* _EXERCISE INSTRUCTIONS_
Please determine how many lines of the material include the word "gives", and respond with nothing but that number.

* _RECORDED INFORMATION_
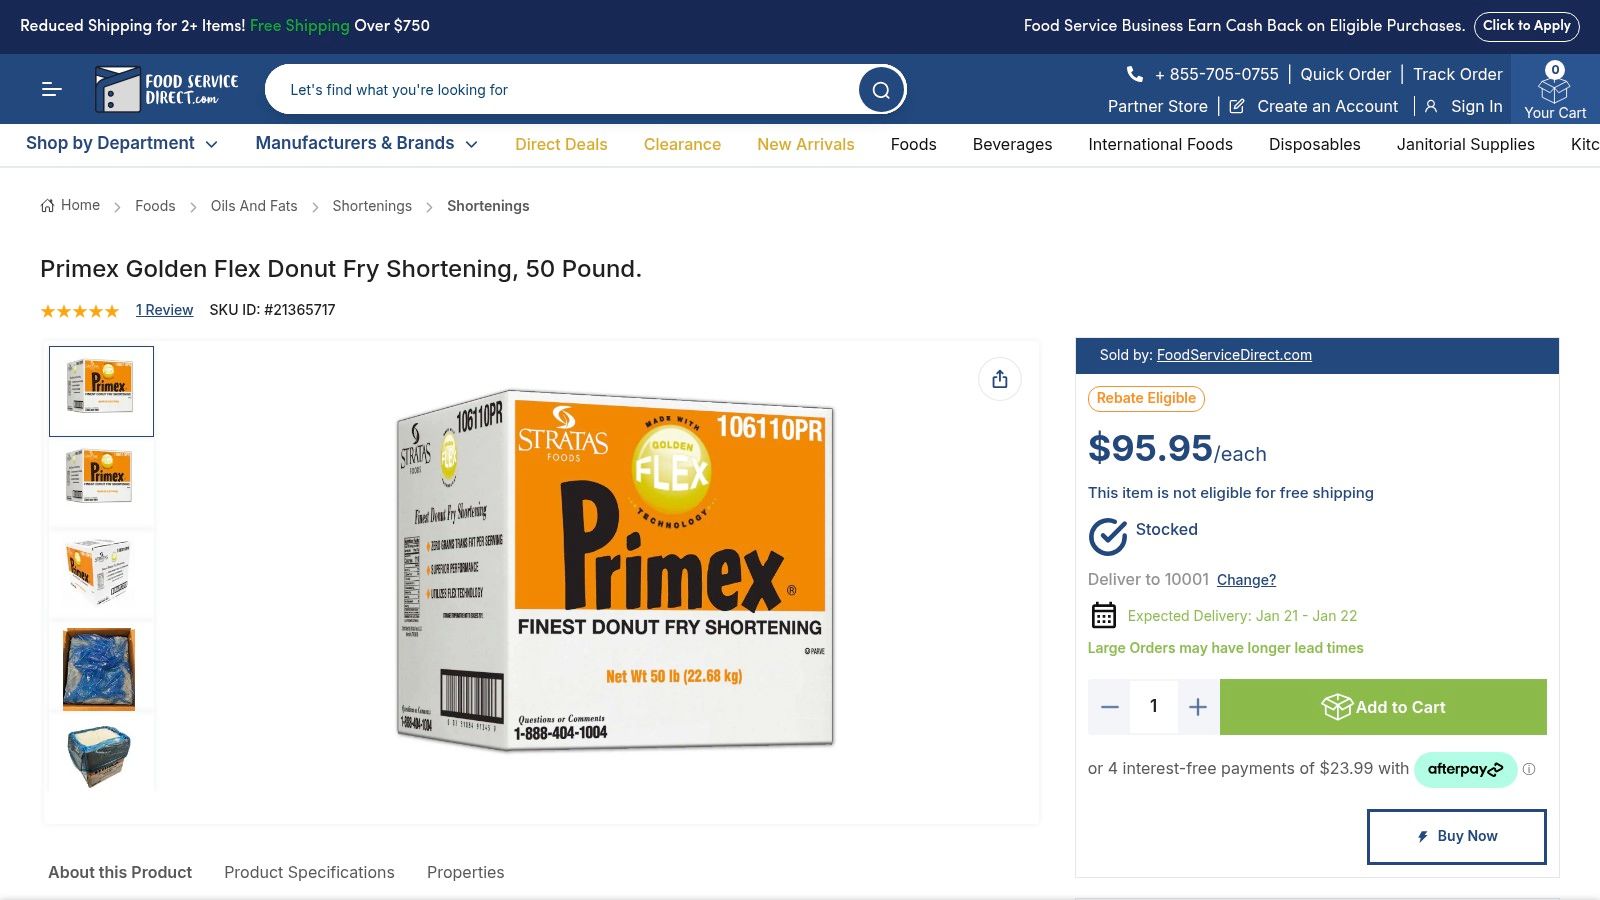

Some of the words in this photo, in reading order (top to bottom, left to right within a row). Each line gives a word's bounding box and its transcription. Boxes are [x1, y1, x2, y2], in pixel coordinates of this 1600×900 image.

[20, 18, 84, 32] Reduced
[88, 18, 152, 36] Shipping
[155, 18, 178, 32] for
[181, 19, 198, 32] 2+
[202, 18, 246, 32] Items!
[250, 18, 282, 32] Free
[286, 18, 350, 36] Shipping
[354, 18, 391, 32] Over
[393, 17, 430, 34] $750
[1024, 18, 1060, 32] Food
[1064, 18, 1118, 32] Service
[1122, 18, 1184, 32] Business
[1188, 18, 1222, 32] Earn
[1225, 18, 1263, 32] Cash
[1267, 18, 1303, 32] Back
[1307, 22, 1325, 32] on
[1330, 18, 1383, 36] Eligible
[1387, 18, 1466, 32] Purchases.
[1482, 18, 1515, 31] Click
[1517, 19, 1531, 31] to
[1533, 18, 1572, 34] Apply
[1300, 67, 1345, 82] Quick
[1348, 67, 1392, 81] Order
[1412, 67, 1456, 81] Track
[1459, 67, 1504, 81] Order
[1551, 64, 1560, 75] 0
[145, 73, 183, 89] FOOD
[187, 73, 239, 89] SERVICE
[290, 83, 323, 96] Let's
[326, 83, 352, 96] find
[356, 83, 389, 96] what
[391, 83, 434, 99] you're
[438, 83, 486, 99] looking
[489, 83, 509, 96] for
[1108, 99, 1164, 113] Partner
[1168, 99, 1209, 113] Store
[1257, 99, 1308, 113] Create
[1312, 102, 1331, 113] an
[1335, 99, 1399, 113] Account
[1451, 99, 1485, 116] Sign
[1489, 99, 1503, 113] In
[1524, 106, 1556, 119] Your
[1558, 106, 1588, 119] Cart
[26, 135, 69, 154] Shop
[72, 135, 94, 154] by
[97, 135, 195, 154] Department
[256, 134, 377, 150] Manufacturers
[381, 135, 393, 150] &
[397, 135, 455, 150] Brands
[515, 137, 561, 151] Direct
[564, 137, 608, 151] Deals
[643, 137, 722, 151] Clearance
[757, 137, 792, 151] New
[796, 137, 855, 151] Arrivals
[891, 137, 937, 151] Foods
[973, 137, 1053, 154] Beverages
[1089, 137, 1182, 151] International
[1187, 137, 1233, 151] Foods
[1269, 137, 1361, 154] Disposables
[1396, 137, 1466, 151] Janitorial
[1470, 137, 1536, 154] Supplies
[61, 198, 101, 211] Home
[135, 199, 176, 212] Foods
[332, 199, 413, 215] Shortenings
[447, 199, 530, 215] Shortenings
[41, 259, 119, 278] Primex
[126, 259, 207, 278] Golden
[215, 259, 261, 278] Flex
[268, 259, 337, 278] Donut
[343, 259, 380, 283] Fry
[386, 258, 518, 283] Shortening,
[526, 259, 555, 278] 50
[562, 259, 642, 278] Pound.
[136, 303, 142, 316] 1
[145, 303, 194, 316] Review
[209, 303, 239, 316] SKU
[242, 303, 260, 316] ID:
[263, 303, 336, 316] #21365717
[1099, 348, 1129, 361] Sold
[1133, 348, 1153, 364] by:
[1157, 348, 1312, 361] FoodServiceDirect.com
[91, 371, 126, 393] Primex
[1096, 391, 1144, 404] Rebate
[1147, 391, 1197, 407] Eligible
[456, 400, 503, 433] 106110PR
[644, 415, 673, 429] MADE
[676, 415, 702, 432] WITH
[716, 413, 823, 442] 106110PR
[517, 427, 610, 457] STRATAS
[651, 440, 695, 453] GOLDEN
[400, 442, 432, 470] STRATAS
[546, 452, 581, 463] FOODS
[90, 461, 125, 482] Primex
[634, 454, 711, 492] FLEX
[1087, 486, 1119, 499] This
[1122, 486, 1153, 499] item
[1157, 486, 1169, 499] is
[1173, 487, 1197, 499] not
[1200, 486, 1252, 502] eligible
[1255, 486, 1277, 499] for
[1279, 486, 1309, 499] free
[1312, 486, 1374, 502] shipping
[414, 509, 430, 525] Finest
[447, 504, 457, 525] Fry
[457, 501, 488, 521] Shortening
[636, 507, 709, 530] TECHNOLOGY
[1136, 522, 1198, 536] Stocked
[560, 479, 785, 613] Primex
[1088, 572, 1142, 586] Deliver
[1145, 573, 1161, 586] to
[1164, 572, 1209, 586] 10001
[1217, 573, 1277, 589] Change?
[518, 618, 587, 635] FINEST
[592, 618, 660, 635] DONUT
[665, 619, 701, 635] FRY
[705, 619, 822, 636] SHORTENING
[1087, 641, 1127, 657] Large
[1129, 641, 1176, 654] Orders
[1179, 644, 1209, 657] may
[1211, 641, 1245, 654] have
[1247, 641, 1291, 657] longer
[1294, 641, 1324, 654] lead
[1326, 640, 1364, 654] times
[606, 669, 628, 684] Net
[630, 669, 648, 683] Wt
[650, 669, 666, 683] 50
[669, 669, 681, 683] lb
[683, 668, 721, 686] (22.68
[723, 669, 743, 685] kg)
[1150, 698, 1157, 713] 1
[1355, 700, 1388, 714] Add
[1391, 701, 1408, 714] to
[1411, 700, 1446, 714] Cart
[518, 714, 556, 726] Questions
[557, 716, 566, 724] or
[567, 714, 607, 724] Comments
[513, 725, 609, 741] 1-888-404-1004
[1427, 762, 1487, 778] afterpay
[1438, 829, 1465, 845] Buy
[1467, 829, 1499, 842] Now
[47, 865, 96, 879] About
[98, 864, 128, 879] this
[131, 865, 193, 879] Product
[427, 865, 505, 882] Properties
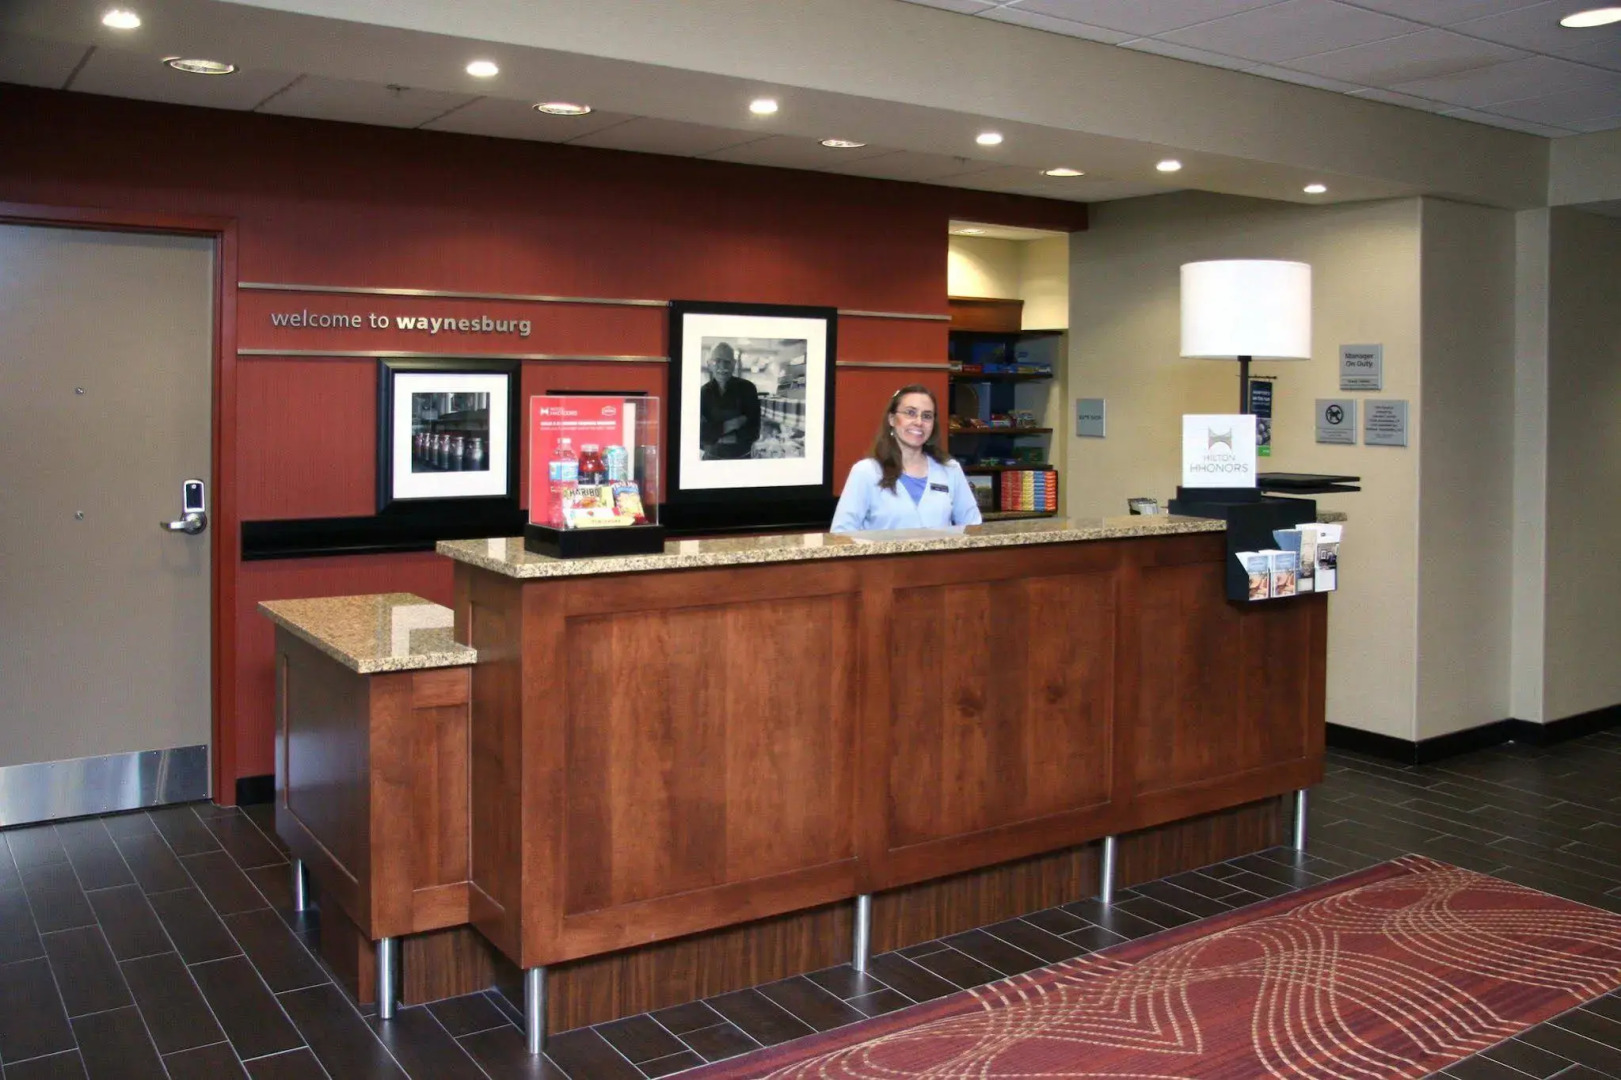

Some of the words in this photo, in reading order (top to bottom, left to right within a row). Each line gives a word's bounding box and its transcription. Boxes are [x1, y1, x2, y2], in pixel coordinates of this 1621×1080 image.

[271, 309, 362, 328] welcome
[369, 312, 390, 329] to
[396, 315, 532, 337] waynesburg
[1356, 360, 1373, 368] Duty
[1203, 454, 1236, 462] HILTON
[1189, 463, 1249, 473] HHONORS
[569, 487, 601, 497] HARIBO

* _EXERCISE OUTPUT_
2